WORK REQUIRED: Nothing should be left out: output all of the entries exactly.

SUPPLIED MATERIAL:
=== Section Start ===
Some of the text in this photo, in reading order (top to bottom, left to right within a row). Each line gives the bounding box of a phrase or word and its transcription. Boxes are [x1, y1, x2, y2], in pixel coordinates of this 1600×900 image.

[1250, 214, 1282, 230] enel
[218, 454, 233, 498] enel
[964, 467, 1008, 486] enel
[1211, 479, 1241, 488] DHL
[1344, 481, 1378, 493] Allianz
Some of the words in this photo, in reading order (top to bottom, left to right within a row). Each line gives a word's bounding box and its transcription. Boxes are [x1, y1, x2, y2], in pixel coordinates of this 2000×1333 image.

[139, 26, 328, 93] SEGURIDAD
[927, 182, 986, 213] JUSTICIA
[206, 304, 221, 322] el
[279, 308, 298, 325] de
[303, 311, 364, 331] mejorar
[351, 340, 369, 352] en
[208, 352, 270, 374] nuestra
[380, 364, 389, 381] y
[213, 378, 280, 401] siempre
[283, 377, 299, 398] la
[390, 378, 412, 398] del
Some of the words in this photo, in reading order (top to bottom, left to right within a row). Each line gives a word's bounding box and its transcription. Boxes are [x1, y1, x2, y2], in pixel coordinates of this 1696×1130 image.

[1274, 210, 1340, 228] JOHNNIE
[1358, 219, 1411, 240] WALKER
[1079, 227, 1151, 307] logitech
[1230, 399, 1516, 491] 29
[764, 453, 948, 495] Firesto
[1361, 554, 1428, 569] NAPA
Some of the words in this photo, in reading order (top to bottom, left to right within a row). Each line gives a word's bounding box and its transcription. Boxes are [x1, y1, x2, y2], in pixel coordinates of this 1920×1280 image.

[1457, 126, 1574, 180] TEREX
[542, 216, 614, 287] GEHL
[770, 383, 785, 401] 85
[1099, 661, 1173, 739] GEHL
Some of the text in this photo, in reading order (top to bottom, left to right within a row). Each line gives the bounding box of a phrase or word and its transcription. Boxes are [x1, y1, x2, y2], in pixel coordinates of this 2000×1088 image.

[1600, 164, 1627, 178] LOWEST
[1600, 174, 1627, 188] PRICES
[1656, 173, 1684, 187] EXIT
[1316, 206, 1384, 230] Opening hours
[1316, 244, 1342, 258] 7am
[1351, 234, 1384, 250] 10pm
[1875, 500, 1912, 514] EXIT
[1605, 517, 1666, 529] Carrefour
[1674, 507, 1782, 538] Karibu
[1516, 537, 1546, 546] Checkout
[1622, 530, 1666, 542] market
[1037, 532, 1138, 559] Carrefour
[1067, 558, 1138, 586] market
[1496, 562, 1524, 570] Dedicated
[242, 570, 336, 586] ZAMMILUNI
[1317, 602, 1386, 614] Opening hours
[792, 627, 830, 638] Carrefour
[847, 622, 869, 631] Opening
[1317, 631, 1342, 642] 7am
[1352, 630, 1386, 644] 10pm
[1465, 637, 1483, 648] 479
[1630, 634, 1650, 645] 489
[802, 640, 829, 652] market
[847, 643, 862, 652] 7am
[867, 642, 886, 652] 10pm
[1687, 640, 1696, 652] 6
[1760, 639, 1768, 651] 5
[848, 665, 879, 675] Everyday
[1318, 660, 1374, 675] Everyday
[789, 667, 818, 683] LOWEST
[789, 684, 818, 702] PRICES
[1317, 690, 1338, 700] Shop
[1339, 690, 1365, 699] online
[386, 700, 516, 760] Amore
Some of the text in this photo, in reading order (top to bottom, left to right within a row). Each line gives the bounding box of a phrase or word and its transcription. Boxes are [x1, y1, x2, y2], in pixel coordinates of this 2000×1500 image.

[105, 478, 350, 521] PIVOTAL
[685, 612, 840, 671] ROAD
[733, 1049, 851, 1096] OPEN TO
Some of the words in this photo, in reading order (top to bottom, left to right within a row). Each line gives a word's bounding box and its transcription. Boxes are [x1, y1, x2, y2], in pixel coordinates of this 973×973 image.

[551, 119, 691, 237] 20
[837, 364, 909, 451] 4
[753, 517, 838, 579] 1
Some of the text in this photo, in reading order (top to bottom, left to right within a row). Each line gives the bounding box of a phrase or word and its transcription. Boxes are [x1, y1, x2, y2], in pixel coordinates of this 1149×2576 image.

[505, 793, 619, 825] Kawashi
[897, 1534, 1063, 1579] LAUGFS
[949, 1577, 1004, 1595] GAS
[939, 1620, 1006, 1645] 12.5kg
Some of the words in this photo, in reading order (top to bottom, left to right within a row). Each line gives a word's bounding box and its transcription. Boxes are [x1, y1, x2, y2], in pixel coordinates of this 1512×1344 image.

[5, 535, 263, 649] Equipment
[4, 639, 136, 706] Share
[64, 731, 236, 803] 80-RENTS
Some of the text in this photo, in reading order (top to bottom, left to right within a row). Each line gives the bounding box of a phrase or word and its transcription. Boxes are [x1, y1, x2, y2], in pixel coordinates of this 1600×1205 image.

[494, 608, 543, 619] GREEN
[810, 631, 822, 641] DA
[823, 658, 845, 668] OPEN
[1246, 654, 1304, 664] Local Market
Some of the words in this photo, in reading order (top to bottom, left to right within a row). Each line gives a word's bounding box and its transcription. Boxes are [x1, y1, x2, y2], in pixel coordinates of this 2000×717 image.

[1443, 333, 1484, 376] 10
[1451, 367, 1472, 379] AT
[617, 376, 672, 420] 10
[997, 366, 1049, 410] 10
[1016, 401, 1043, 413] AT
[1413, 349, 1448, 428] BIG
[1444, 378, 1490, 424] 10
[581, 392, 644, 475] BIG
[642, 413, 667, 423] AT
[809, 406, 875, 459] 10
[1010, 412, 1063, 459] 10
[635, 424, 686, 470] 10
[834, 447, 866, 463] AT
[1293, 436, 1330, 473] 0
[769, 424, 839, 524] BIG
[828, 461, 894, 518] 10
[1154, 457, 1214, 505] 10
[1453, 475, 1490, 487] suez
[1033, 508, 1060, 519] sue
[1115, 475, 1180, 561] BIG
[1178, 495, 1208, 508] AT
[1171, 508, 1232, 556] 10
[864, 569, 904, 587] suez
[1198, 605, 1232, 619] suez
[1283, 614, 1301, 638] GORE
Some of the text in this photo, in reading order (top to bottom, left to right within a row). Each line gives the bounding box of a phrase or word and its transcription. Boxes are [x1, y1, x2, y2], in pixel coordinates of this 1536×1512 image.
=== Section End ===
ANSWER SPACE:
Some of the text in this photo, in reading order (top to bottom, left to right within a row). Each line gives the bounding box of a phrase or word and its transcription. Boxes are [x1, y1, x2, y2], in pixel coordinates of this 1600×900 image.

[1250, 214, 1282, 230] enel
[218, 454, 233, 498] enel
[964, 467, 1008, 486] enel
[1211, 479, 1241, 488] DHL
[1344, 481, 1378, 493] Allianz
Some of the words in this photo, in reading order (top to bottom, left to right within a row). Each line gives a word's bounding box and its transcription. Boxes are [x1, y1, x2, y2], in pixel coordinates of this 2000×1333 image.

[139, 26, 328, 93] SEGURIDAD
[927, 182, 986, 213] JUSTICIA
[206, 304, 221, 322] el
[279, 308, 298, 325] de
[303, 311, 364, 331] mejorar
[351, 340, 369, 352] en
[208, 352, 270, 374] nuestra
[380, 364, 389, 381] y
[213, 378, 280, 401] siempre
[283, 377, 299, 398] la
[390, 378, 412, 398] del
Some of the words in this photo, in reading order (top to bottom, left to right within a row). Each line gives a word's bounding box and its transcription. Boxes are [x1, y1, x2, y2], in pixel coordinates of this 1696×1130 image.

[1274, 210, 1340, 228] JOHNNIE
[1358, 219, 1411, 240] WALKER
[1079, 227, 1151, 307] logitech
[1230, 399, 1516, 491] 29
[764, 453, 948, 495] Firesto
[1361, 554, 1428, 569] NAPA
Some of the words in this photo, in reading order (top to bottom, left to right within a row). Each line gives a word's bounding box and its transcription. Boxes are [x1, y1, x2, y2], in pixel coordinates of this 1920×1280 image.

[1457, 126, 1574, 180] TEREX
[542, 216, 614, 287] GEHL
[770, 383, 785, 401] 85
[1099, 661, 1173, 739] GEHL
Some of the text in this photo, in reading order (top to bottom, left to right within a row). Each line gives the bounding box of a phrase or word and its transcription. Boxes are [x1, y1, x2, y2], in pixel coordinates of this 2000×1088 image.

[1600, 164, 1627, 178] LOWEST
[1600, 174, 1627, 188] PRICES
[1656, 173, 1684, 187] EXIT
[1316, 206, 1384, 230] Opening hours
[1316, 244, 1342, 258] 7am
[1351, 234, 1384, 250] 10pm
[1875, 500, 1912, 514] EXIT
[1605, 517, 1666, 529] Carrefour
[1674, 507, 1782, 538] Karibu
[1516, 537, 1546, 546] Checkout
[1622, 530, 1666, 542] market
[1037, 532, 1138, 559] Carrefour
[1067, 558, 1138, 586] market
[1496, 562, 1524, 570] Dedicated
[242, 570, 336, 586] ZAMMILUNI
[1317, 602, 1386, 614] Opening hours
[792, 627, 830, 638] Carrefour
[847, 622, 869, 631] Opening
[1317, 631, 1342, 642] 7am
[1352, 630, 1386, 644] 10pm
[1465, 637, 1483, 648] 479
[1630, 634, 1650, 645] 489
[802, 640, 829, 652] market
[847, 643, 862, 652] 7am
[867, 642, 886, 652] 10pm
[1687, 640, 1696, 652] 6
[1760, 639, 1768, 651] 5
[848, 665, 879, 675] Everyday
[1318, 660, 1374, 675] Everyday
[789, 667, 818, 683] LOWEST
[789, 684, 818, 702] PRICES
[1317, 690, 1338, 700] Shop
[1339, 690, 1365, 699] online
[386, 700, 516, 760] Amore
Some of the text in this photo, in reading order (top to bottom, left to right within a row). Each line gives the bounding box of a phrase or word and its transcription. Boxes are [x1, y1, x2, y2], in pixel coordinates of this 2000×1500 image.

[105, 478, 350, 521] PIVOTAL
[685, 612, 840, 671] ROAD
[733, 1049, 851, 1096] OPEN TO
Some of the words in this photo, in reading order (top to bottom, left to right within a row). Each line gives a word's bounding box and its transcription. Boxes are [x1, y1, x2, y2], in pixel coordinates of this 973×973 image.

[551, 119, 691, 237] 20
[837, 364, 909, 451] 4
[753, 517, 838, 579] 1
Some of the text in this photo, in reading order (top to bottom, left to right within a row). Each line gives the bounding box of a phrase or word and its transcription. Boxes are [x1, y1, x2, y2], in pixel coordinates of this 1149×2576 image.

[505, 793, 619, 825] Kawashi
[897, 1534, 1063, 1579] LAUGFS
[949, 1577, 1004, 1595] GAS
[939, 1620, 1006, 1645] 12.5kg
Some of the words in this photo, in reading order (top to bottom, left to right within a row). Each line gives a word's bounding box and its transcription. Boxes are [x1, y1, x2, y2], in pixel coordinates of this 1512×1344 image.

[5, 535, 263, 649] Equipment
[4, 639, 136, 706] Share
[64, 731, 236, 803] 80-RENTS
Some of the text in this photo, in reading order (top to bottom, left to right within a row). Each line gives the bounding box of a phrase or word and its transcription. Boxes are [x1, y1, x2, y2], in pixel coordinates of this 1600×1205 image.

[494, 608, 543, 619] GREEN
[810, 631, 822, 641] DA
[823, 658, 845, 668] OPEN
[1246, 654, 1304, 664] Local Market
Some of the words in this photo, in reading order (top to bottom, left to right within a row). Each line gives a word's bounding box and its transcription. Boxes are [x1, y1, x2, y2], in pixel coordinates of this 2000×717 image.

[1443, 333, 1484, 376] 10
[1451, 367, 1472, 379] AT
[617, 376, 672, 420] 10
[997, 366, 1049, 410] 10
[1016, 401, 1043, 413] AT
[1413, 349, 1448, 428] BIG
[1444, 378, 1490, 424] 10
[581, 392, 644, 475] BIG
[642, 413, 667, 423] AT
[809, 406, 875, 459] 10
[1010, 412, 1063, 459] 10
[635, 424, 686, 470] 10
[834, 447, 866, 463] AT
[1293, 436, 1330, 473] 0
[769, 424, 839, 524] BIG
[828, 461, 894, 518] 10
[1154, 457, 1214, 505] 10
[1453, 475, 1490, 487] suez
[1033, 508, 1060, 519] sue
[1115, 475, 1180, 561] BIG
[1178, 495, 1208, 508] AT
[1171, 508, 1232, 556] 10
[864, 569, 904, 587] suez
[1198, 605, 1232, 619] suez
[1283, 614, 1301, 638] GORE
Some of the text in this photo, in reading order (top to bottom, left to right within a row). Each line gives the bounding box of a phrase or word and its transcription. Boxes are [x1, y1, x2, y2], in pixel coordinates of this 1536×1512 image.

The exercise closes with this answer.